I realized our levity was horribly misplaced. We were wrong. Monsoon season. It’s a serious thing. It’s known to wash out roads, fell trees, flood homes and cars, even take lives.
The last several months have felt like my own personal monsoon season. Today we are dropping our oldest off at college and it is wrecking me. For weeks I’ve stood on a virtual balcony watching this moment come with no hope of avoidance. And I am barely holding it together. I am fragile and frail and easily nicked by the smallest thing. The last time I’ll see his backpack on the floor. The last time I’ll wake at 2am to see the downstairs light still on. The last time I’ll get a notification on my phone that he’s arrived home. So many lasts. And each one feels like a sharp, stabbing drop of rain.
In Genesis 3, after the fall of Adam and Eve, God discloses the consequences of their sin. To the serpent, He gives a curse that sentences him to a life of enmity with humanity. Adam’s consequence undermines the success he might experience in his work.
But to Eve, He reveals a consequence that strikes at the very core of womanhood.
“I will surely multiply your pain in childbearing, in pain you shall bring forth children”
Gen 3:16
I have always taken that verse at face value. Whenever I read it, my mind immediately went back to the hospital rooms where I gave birth to my three children. I remembered the intense physical pain that accompanied those days.
Recently, however, I heard this verse with fresh ears and it made me wonder. And weep. As the mother of an 18, 16 and 12 year old, I can tell you that childbearing did not end in the hospital. The process of “bringing forth” a child continues long after the physical pain is gone. In fact, I would argue that the emotional pains of childbearing continue for years and far surpass the discomfort of the physical event. My heart strains under the weight as I help my children navigate all the highs and lows of life. The job of anticipating pitfalls and diligently scanning the horizon for potential snares leaves me weary and worried.

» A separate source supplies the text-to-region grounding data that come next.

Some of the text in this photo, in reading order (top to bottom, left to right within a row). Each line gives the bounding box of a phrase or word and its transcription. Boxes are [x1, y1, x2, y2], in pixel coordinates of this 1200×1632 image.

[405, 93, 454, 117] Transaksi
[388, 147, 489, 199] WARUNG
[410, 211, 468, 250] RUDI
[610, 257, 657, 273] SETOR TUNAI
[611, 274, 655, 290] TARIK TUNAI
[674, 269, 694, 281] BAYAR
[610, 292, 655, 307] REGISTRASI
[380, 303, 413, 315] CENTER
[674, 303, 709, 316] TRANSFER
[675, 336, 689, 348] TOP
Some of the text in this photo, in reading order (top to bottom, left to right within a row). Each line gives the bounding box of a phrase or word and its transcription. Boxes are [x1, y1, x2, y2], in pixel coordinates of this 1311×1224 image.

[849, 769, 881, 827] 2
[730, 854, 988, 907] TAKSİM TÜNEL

But today, the greatest pain is in the letting go. I have spent the last two decades preparing my children to leave me. I have protected and nurtured, directed and disciplined, all in an effort to get them ready to live and thrive without me. Since they entered my world, a door has been slowly opening. A door that inevitably leads them away from me in many ways. And in a ridiculous twist, I am supposed to usher them through. While one hand clings to them, the other must hold the door. What cruel irony. I have become a victim of forced retirement and I’m just not ready to turn in my employee ID.

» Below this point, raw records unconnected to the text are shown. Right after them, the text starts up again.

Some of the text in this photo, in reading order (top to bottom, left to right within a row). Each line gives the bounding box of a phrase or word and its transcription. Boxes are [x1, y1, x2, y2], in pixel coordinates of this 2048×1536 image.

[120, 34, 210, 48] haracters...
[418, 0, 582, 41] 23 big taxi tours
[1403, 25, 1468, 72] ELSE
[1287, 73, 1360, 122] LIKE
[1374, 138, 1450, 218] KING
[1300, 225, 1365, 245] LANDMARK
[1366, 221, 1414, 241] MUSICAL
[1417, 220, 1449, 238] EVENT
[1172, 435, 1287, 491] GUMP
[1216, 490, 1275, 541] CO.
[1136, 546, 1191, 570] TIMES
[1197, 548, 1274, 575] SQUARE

All this said, however, I am convinced that for every supposed curse, there is a proportionate blessing. Just as towering peaks juxtapose lowly valleys, somewhere in all this hard there must be redemption and hope.
So where is the hope in monsoon season? Interestingly, there isn’t much in the immediate aftermath. Once the rains recede, what’s left is a muddy mess. Roads are indiscernible, paths are unclear, the landscape is nearly impossible to travel. This is where I currently am. It’s muddy. And oh so messy. I can’t find my path and I am ill-equipped to navigate this new terrain. Backwards isn’t an option but forward is blurry. And exceedingly difficult.
But…
Weeks after monsoon season has passed what remains is breathtaking. Over time, the desert soaks up the nourishing water and converts it to glorious green. The rain that appeared so devastating and destructive brings life and lushness beyond compare. The dry, brittle ground springs anew with magnificence and vitality.
And this is my hope.
“Behold, I am doing a new thing; now it springs forth, do you not perceive it? I will make a way in the wilderness and rivers in the desert.”
Isaiah 43:19
I couldn’t love this verse more. I like to think Isaiah wrote it during monsoon season and I love to think he wrote it for me. For this time. To remind me, though difficult to perceive, that God is doing a new thing. That the rivers in my desert will give way to abundance I can’t imagine. That even though some trees may fall, they will fall to reveal a fresh path.
Change is afoot. It’s coming in heavy waves and there’s nowhere to hide. It will drench me and scare me. I may feel lost and alone. But thankfully, I have a good pair of boots and a secure rock to cling to. I am not lost because God knows exactly where I am. And I am definitely not alone. He is in my desert. He is in my wilderness. He is in my monsoon. And He is most certainly in the new thing that’s yet to come.